Pero la drástica reducción en la inversión en I+D experimentada durante los últimos años ha conducido a la salida obligada de miles de científicos, que ahora están depositando toda su inteligencia y su trabajo en países que aprovechan su rendimiento en beneficio propio. Porque en España el porcentaje del PIB dedicado a la ciencia está en el entorno del 1,22 %, entretanto la media europea se acerca al 2 %; conservando dos investigadores por cada cien mil habitantes, mientras los países más desarrollados llegan a cinco. Pero el asunto no recae solamente en los presupuestos del gobierno central, sino asimismo, en los de las comunidades autónomas, habida cuenta de que más del 70 % de la investigación española está vinculada a las universidades.

Hemos de tener presente que la investigación es una tarea que, además de requerir el esfuerzo monetario, exige optimizar los medios, y seguir las pautas de un trabajo coordinado, convirtiéndose en un ejercicio continuo de la inteligencia, que gestiona la concentración reflexiva hacia una cuestión determinada. Y que, aunque se esté actuando en un espacio fragmentario, tiene con otros muchos lugares comunes que responden a una premisa básica: acercarnos a entender el universo y a comprometernos con nosotros mismos. Un esfuerzo que, como el de los demás mortales, posee distintos matices y, por tanto, requiere también la necesaria alternancia de esa carga mental con un entorno humanizado y propio, que permita el mundo de los sentidos y de las emociones.
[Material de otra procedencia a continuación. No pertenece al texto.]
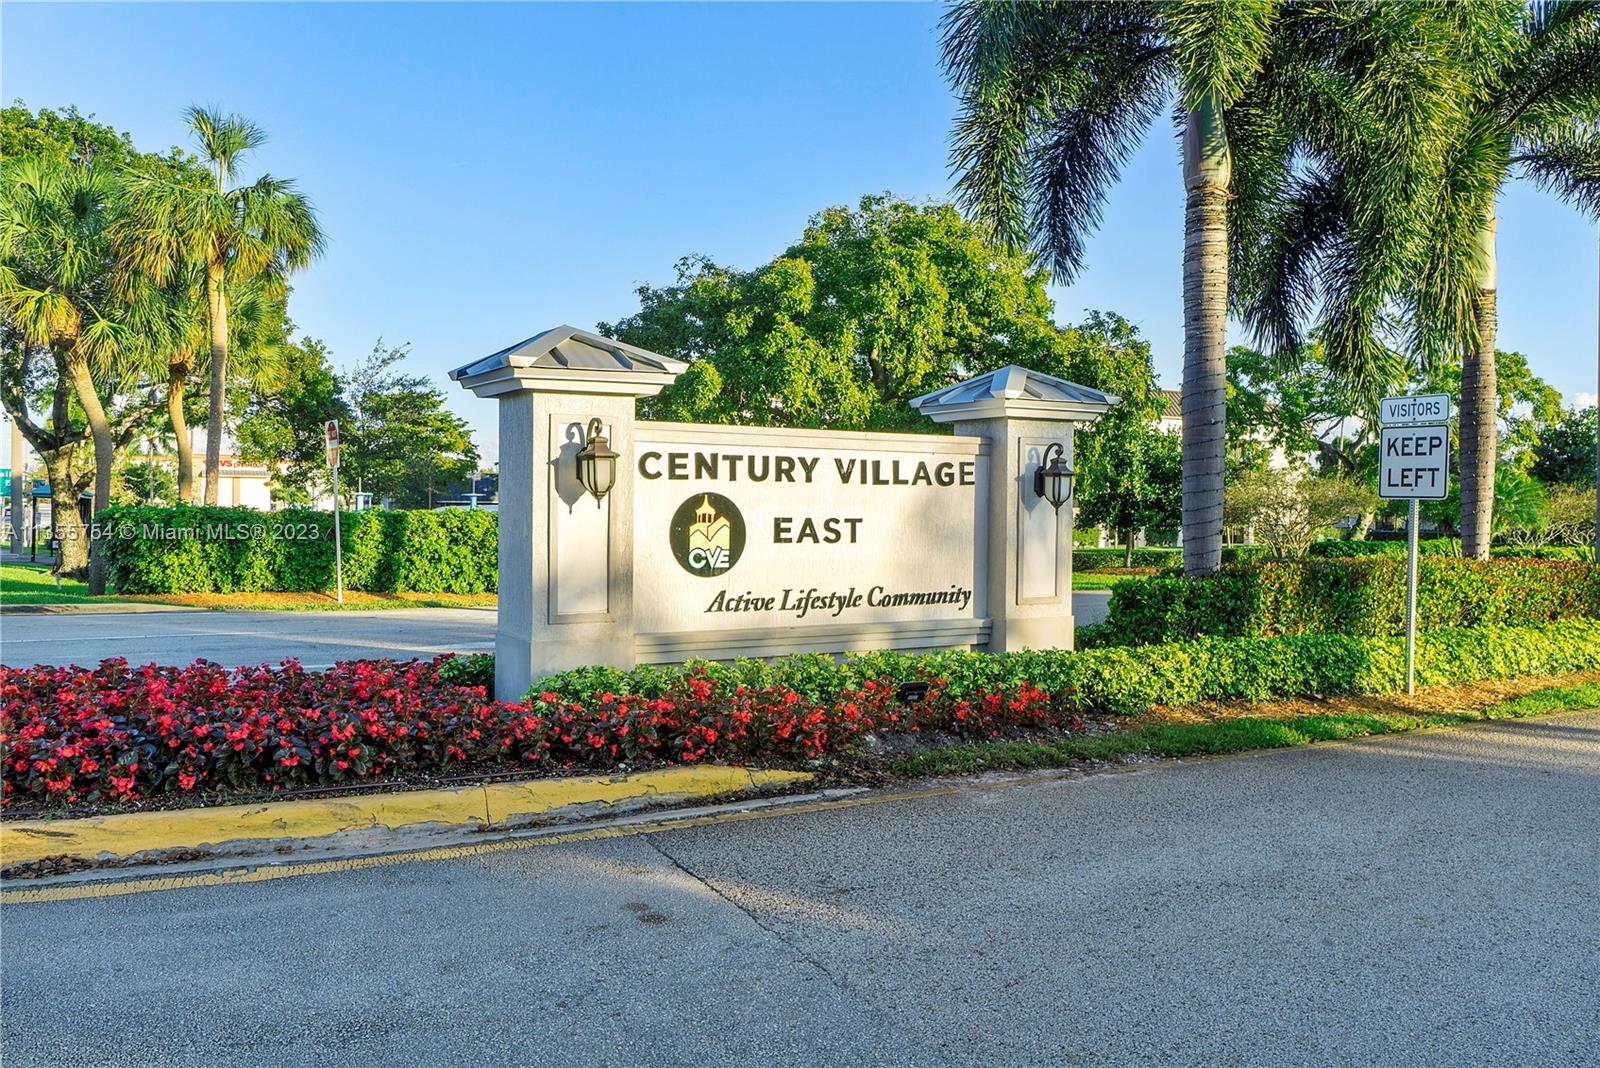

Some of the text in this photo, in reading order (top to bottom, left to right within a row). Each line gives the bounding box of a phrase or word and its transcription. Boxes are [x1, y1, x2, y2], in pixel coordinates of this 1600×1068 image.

Así, hoy en día, para los representantes públicos, subsanar la deuda con la ciencia se convierte en una oportunidad, al mismo tiempo que en un asunto perentorio para procurar el regreso de los talentos emigrados, haciendo posible reestablecer el compromiso que globalmente tenemos todos con los beneficios del progreso. Realizarlo, también es, en cierto modo, compensar a aquellos que, por nuestras propias costumbres, no se les permitió investigar a lo largo de la Historia.